Gulita yang Bercerita (1)

Asti Nurhayati
Karya Asti Nurhayati Kategori Cerpen/Novel
dipublikasikan 03 Oktober 2016
Gulita yang Bercerita (1)

“Waaah, mati lampu. Asyiiikkk!”

            Tinggal di wilayah yang sering menjadi sasaran pemadaman listrik bergilir. Bagi tak sedikit orang, menyebalkan memang. Saat aliran listrik terputus, keluhan bahkan umpatan pasti terlontar.

            Tapi tidak dengan rumah Bagas.

            Lampu padam tanpa aba-aba. Hitung saja satu-dua-tiga. Teriakan girang akan terdengar dari empat suara yang berbeda. Mereka lalu akan berkumpul melingkari meja di ruang keluarga. Tentu saja ditemani benda mungil yang menyala. Mereka menyebutnya lilin cerita. Enam gulungan kertas dalam wadah pun tak boleh lupa. Kali ini Bagas yang mendapat giliran mengundi satu nama.

            Dira.

            “Kok aku sih, Pak? Waktu mati listrik kemarin juga aku.”

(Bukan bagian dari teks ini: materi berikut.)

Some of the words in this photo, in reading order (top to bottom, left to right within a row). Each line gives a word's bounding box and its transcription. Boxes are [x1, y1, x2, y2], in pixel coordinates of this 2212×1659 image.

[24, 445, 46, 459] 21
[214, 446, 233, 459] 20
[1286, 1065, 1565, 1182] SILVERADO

            “Jangan salahin Bapak. Ini kertasnya aja yang ngeyel.”

            Dira memberenggut seraya berkata, “Sebelumnya aku mau berdoa, mudah-mudahan mati lampunya sebentar.”

            “Nggak-nggak-nggak. Semoga lama. Aamiin!”

            Serta-merta Dira menatap Darin dengan wajah protes. “Aku harus belajar buat ulangan besok.”

            “Makanya, belajar jangan pas mau ulangan doang.”

            “Ayo dong. Bang Dira mau cerita apa ini?”

           “Abang mau cerita tentang Pasukan Pilik yang ada di novel Perahu Kertas. Tugas baca dari Bapak bulan ini. Hobi banget kayaknya ngasih tugas baca buku tebel begitu.”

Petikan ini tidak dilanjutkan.